Segment Open

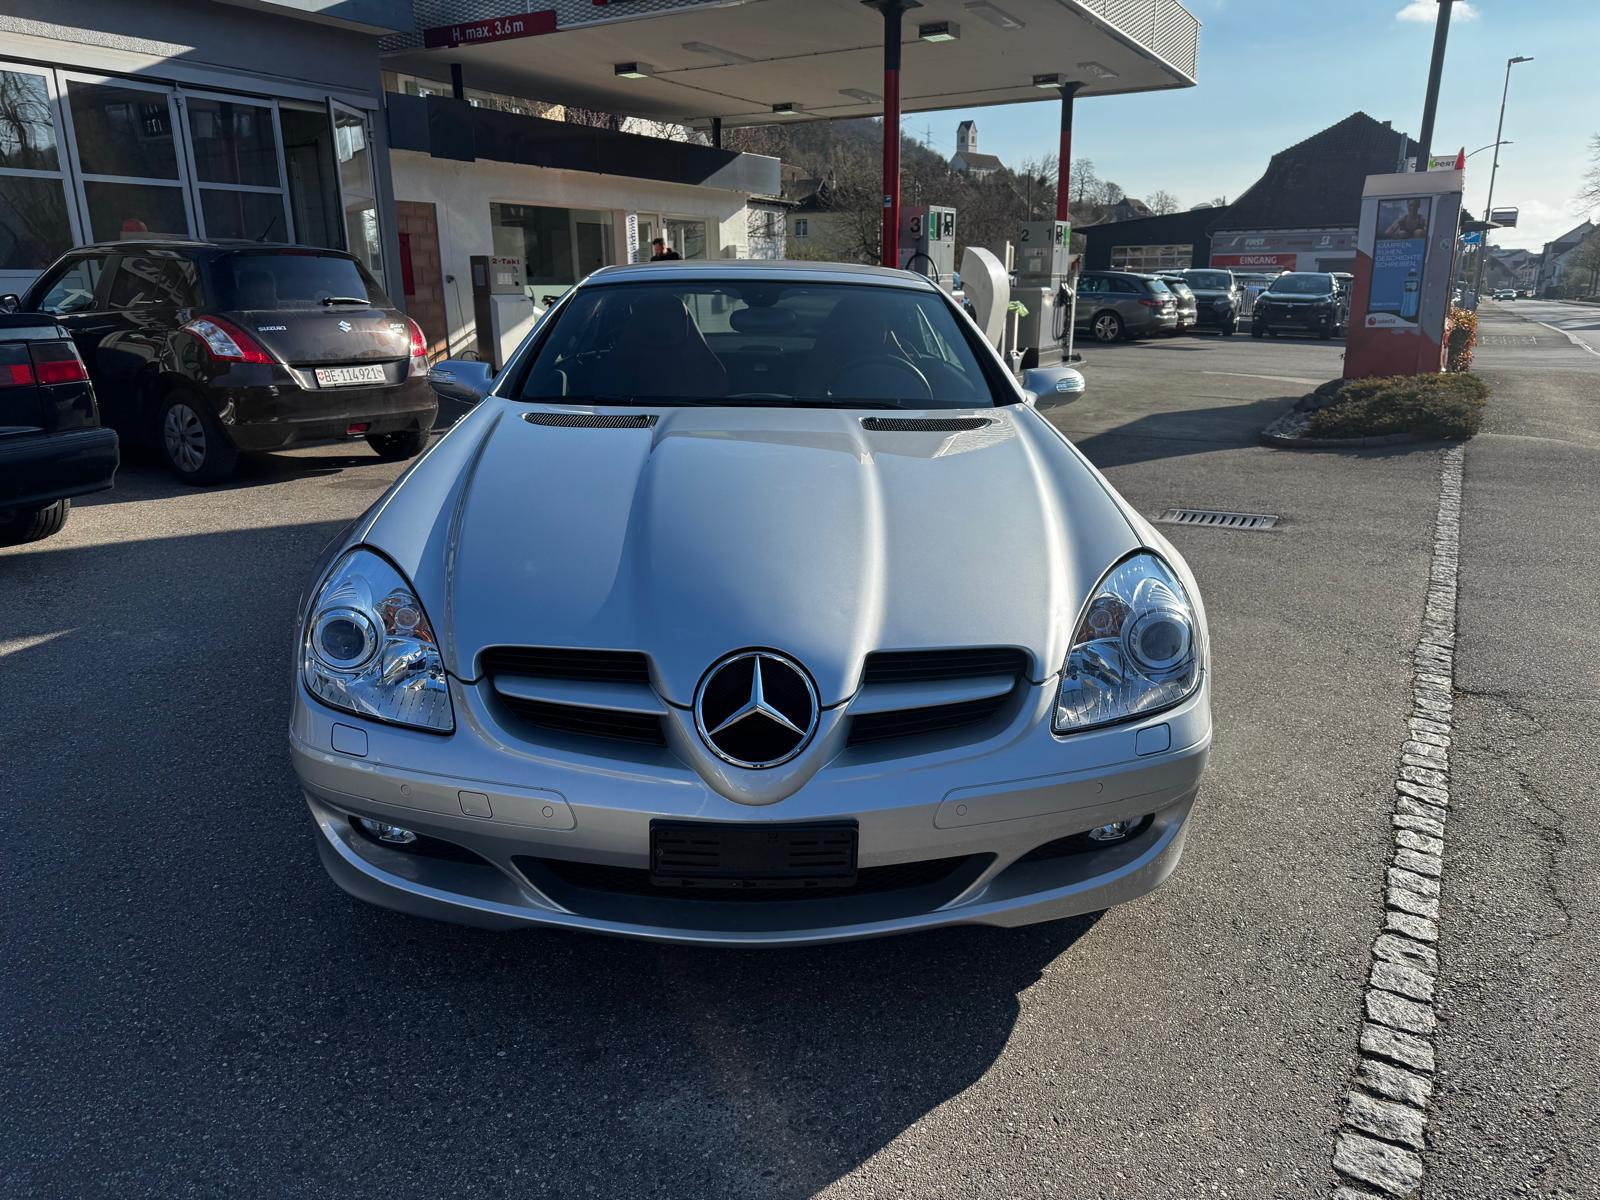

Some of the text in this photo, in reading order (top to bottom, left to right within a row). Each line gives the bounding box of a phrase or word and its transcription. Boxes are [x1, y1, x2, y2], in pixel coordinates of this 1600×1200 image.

[452, 27, 464, 42] H.
[466, 25, 492, 40] max.
[910, 217, 920, 233] 3
[1021, 228, 1052, 242] 2 1
[491, 257, 520, 265] 2-Takt
[1240, 256, 1277, 264] EINGANG
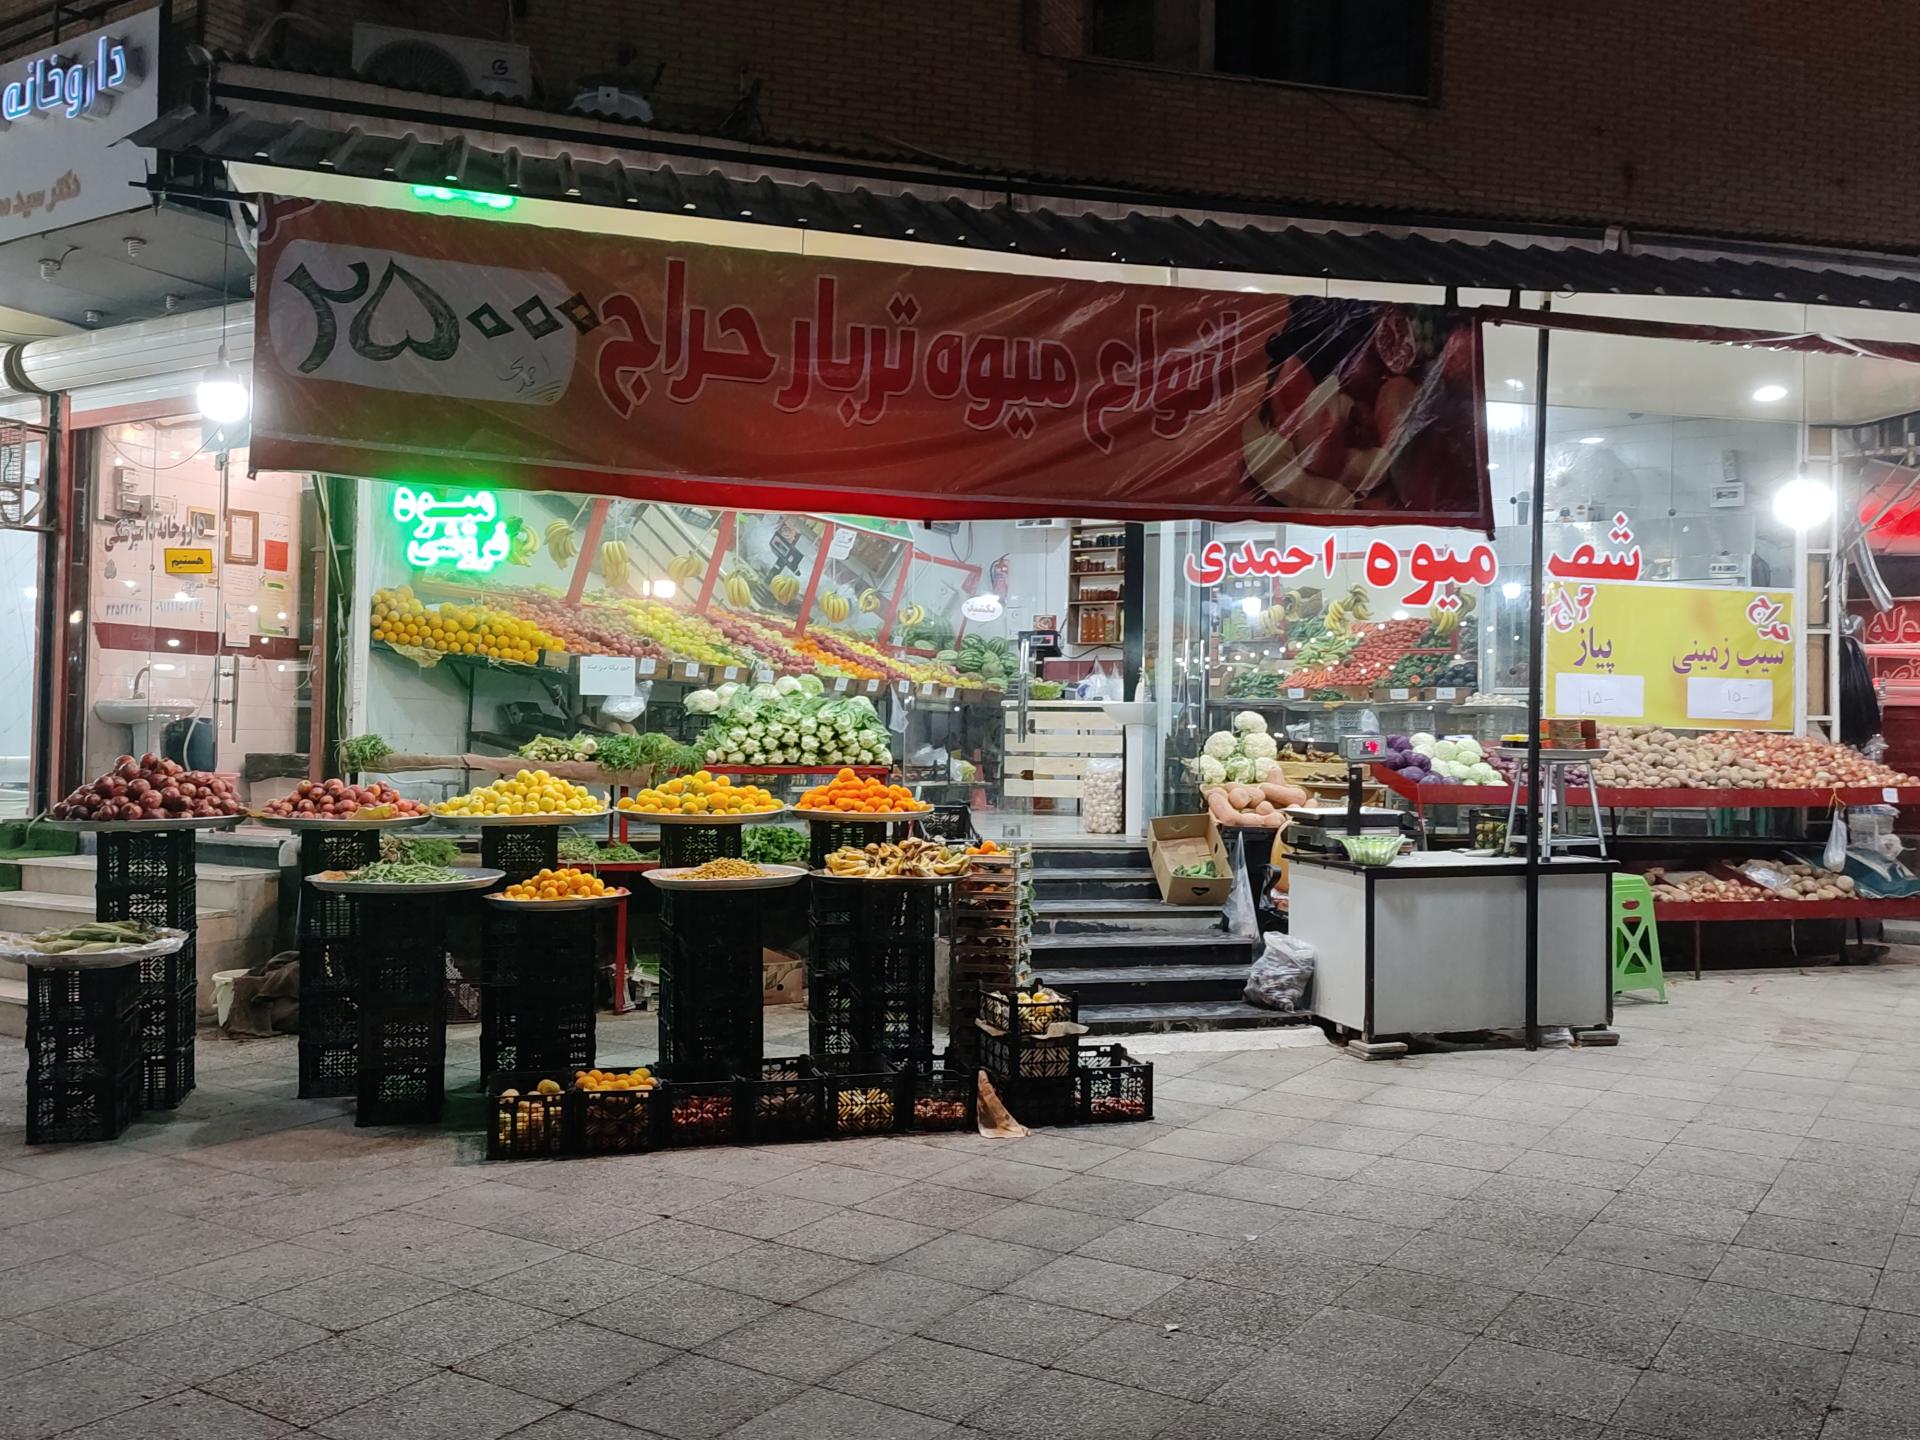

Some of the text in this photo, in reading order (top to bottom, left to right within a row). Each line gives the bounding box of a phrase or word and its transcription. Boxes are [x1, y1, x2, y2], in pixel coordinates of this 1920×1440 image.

Segment Closed

> AIM OF THE TASK: An exact transcription of the listing is required, and it must contain no pictures.

> TASK ANSWER:
Some of the text in this photo, in reading order (top to bottom, left to right within a row). Each line gives the bounding box of a phrase or word and its transcription. Boxes are [x1, y1, x2, y2], in pixel coordinates of this 1600×1200 image.

[452, 27, 464, 42] H.
[466, 25, 492, 40] max.
[910, 217, 920, 233] 3
[1021, 228, 1052, 242] 2 1
[491, 257, 520, 265] 2-Takt
[1240, 256, 1277, 264] EINGANG

Some of the text in this photo, in reading order (top to bottom, left to right within a row). Each line gives the bounding box of a phrase or word and its transcription. Boxes are [x1, y1, x2, y2], in pixel coordinates of this 1920×1440 image.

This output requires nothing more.